I am writing a simple program as some practice for Java. It takes in integers and puts them into a two-dimensional array of R rows and C columns and then simply prints out each element of the array (just for troubleshooting). When I run the code it prints every integer like it should but the program does not stop running. I have to force stop it. Why is it not stopping on its own? I tried some basic debugging and tried to see if I accidentally had an infinite loop in the code but I couldn't find it.
In case it is important I am using IntelliJ Idea Ultimate 2019.3.
Thanks
import java.util.*;
public class Main {
public static void main(String[] args) {
Scanner in = new Scanner(System.in);
int T = in.nextInt(); //Takes number of test cases
for(int i = 1; i <= T; i++){ //This is the counter for each test case
int R = in.nextInt(); //R is # of rows
int C = in.nextInt(); //C is # of columns
int K = in.nextInt(); //K is the thickness allowed
int numArray[][] = new int[R+1][C+1];
for(int j = 0; j < R; j++){
for(int k = 0; k < C; k++){
numArray[j][k] = in.nextInt();
System.out.println(numArray[j][k]);
}
}
}
in.close();
}//End of main
}//End of main class
Edit: Just for future reference I will include the input and the output I was getting.
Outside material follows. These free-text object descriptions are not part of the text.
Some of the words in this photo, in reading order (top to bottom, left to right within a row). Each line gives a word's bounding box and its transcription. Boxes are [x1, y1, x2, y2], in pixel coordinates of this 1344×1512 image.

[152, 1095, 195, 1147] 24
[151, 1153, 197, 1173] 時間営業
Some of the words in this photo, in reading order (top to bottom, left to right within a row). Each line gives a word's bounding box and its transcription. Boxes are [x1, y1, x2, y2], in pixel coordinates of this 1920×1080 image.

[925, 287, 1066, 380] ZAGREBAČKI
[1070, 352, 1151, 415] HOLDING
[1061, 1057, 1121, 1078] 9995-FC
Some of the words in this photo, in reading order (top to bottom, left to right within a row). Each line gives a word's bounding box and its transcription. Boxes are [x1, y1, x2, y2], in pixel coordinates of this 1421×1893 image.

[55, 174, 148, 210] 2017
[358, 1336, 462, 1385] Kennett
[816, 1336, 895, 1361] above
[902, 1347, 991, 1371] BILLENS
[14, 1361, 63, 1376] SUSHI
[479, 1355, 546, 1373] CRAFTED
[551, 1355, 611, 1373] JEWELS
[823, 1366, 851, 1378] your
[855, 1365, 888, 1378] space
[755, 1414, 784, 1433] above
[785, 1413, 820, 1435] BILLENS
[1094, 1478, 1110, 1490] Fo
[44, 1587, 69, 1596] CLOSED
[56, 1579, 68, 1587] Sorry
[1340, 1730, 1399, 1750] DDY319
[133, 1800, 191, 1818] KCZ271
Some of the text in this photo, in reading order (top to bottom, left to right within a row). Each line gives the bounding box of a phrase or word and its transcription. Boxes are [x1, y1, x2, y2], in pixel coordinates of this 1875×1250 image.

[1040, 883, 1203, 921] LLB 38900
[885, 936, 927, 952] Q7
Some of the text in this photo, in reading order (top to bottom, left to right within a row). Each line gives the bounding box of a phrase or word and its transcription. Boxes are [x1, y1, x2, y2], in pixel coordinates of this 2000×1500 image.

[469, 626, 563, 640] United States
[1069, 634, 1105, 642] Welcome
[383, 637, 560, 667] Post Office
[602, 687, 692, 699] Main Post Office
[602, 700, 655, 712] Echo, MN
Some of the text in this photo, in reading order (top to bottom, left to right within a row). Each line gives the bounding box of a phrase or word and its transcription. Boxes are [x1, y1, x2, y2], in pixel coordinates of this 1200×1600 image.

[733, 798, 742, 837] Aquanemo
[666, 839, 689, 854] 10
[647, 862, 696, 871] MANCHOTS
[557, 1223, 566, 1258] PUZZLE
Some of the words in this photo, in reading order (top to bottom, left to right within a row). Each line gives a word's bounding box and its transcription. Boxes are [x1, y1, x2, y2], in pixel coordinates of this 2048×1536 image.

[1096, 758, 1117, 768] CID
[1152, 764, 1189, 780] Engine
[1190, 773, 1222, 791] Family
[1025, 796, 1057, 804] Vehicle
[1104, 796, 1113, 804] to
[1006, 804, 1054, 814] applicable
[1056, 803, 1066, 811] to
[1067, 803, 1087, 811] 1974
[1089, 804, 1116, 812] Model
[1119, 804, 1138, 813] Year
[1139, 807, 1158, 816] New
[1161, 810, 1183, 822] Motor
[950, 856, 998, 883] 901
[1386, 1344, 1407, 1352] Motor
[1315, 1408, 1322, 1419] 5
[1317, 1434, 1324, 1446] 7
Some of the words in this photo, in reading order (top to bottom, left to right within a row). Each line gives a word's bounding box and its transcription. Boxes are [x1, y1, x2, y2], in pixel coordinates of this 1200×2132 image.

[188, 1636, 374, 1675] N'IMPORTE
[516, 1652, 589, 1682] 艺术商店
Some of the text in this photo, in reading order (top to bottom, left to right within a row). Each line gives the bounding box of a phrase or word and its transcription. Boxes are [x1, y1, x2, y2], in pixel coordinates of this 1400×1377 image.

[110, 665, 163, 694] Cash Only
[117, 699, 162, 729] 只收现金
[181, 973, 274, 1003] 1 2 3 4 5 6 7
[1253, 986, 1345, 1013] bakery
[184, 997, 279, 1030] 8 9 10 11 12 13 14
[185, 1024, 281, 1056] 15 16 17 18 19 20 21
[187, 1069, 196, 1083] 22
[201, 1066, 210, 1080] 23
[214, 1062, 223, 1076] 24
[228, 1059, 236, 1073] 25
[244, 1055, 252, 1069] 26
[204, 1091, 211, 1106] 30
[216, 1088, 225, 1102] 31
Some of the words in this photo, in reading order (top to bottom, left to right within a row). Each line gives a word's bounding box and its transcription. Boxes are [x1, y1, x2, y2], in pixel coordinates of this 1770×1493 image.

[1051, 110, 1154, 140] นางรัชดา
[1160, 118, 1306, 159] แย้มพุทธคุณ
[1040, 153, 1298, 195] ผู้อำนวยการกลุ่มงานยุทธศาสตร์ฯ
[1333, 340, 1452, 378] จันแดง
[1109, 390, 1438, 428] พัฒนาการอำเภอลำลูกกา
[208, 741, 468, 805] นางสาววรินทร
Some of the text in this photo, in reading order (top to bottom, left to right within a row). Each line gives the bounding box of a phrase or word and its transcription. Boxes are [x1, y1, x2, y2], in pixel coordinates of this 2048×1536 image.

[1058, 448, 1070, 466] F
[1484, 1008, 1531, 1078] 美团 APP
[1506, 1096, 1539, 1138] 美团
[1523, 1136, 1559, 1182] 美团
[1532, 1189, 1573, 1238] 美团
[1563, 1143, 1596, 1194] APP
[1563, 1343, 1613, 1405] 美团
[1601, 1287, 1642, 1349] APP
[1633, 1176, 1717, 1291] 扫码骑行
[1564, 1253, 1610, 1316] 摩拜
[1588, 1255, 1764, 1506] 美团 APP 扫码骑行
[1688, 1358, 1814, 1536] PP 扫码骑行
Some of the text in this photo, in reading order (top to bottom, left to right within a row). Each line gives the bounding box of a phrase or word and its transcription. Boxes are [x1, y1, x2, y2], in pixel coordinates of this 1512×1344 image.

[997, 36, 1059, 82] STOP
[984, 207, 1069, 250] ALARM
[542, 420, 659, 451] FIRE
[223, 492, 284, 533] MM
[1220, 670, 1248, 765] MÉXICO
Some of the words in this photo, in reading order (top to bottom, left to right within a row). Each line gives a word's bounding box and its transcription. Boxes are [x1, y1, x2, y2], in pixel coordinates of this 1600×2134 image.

Input: 3 1 4 0 3 1 3 3 2 3 0 4 4 5 7 6 6 4 5 0 2 2 4 4 20 8 3 3 3 12 6 6 3 3 3 1 6 8 6 4
Output: 3 1 3 3 4 4 5 7 6 6 2 2 4 4 20 8 3 3 3 12 6 6 3 3 3 1 6 8 6 (and here the cursor is stuck blinking not doing anything and the program doesn't quit on its own)
I solved the issue by manually typing the input instead of copying and pasting it. Not sure what caused that issue but it worked!
This little piece of code requires the user to input 3 integers (R
, C
and K
) T
-times:
int T = in.nextInt();
for(int i = 1; i <= T; i++){
int R = in.nextInt();
int C = in.nextInt();
int K = in.nextInt();
// ...
}
Additionally the user has to input an integer R*C
-times until i <= T
:
for(int j = 0; j < R; j++){
for(int k = 0; k < C; k++){
numArray[j][k] = in.nextInt(); // << requires user-interaction each loop here >>
System.out.println(numArray[j][k]);
}
}
If you use T
=1, R
=1, C
=1, K
=1 the user has to input only 1 additional integer, as there is only 1 test-repitition and R*C
= 1. With that your program terminates just as expected.
With bigger values of T
, R
, C
, K
the required user-interactions grow exponentially, which probably makes you think that your program should have ended but it still waits for additional user-input.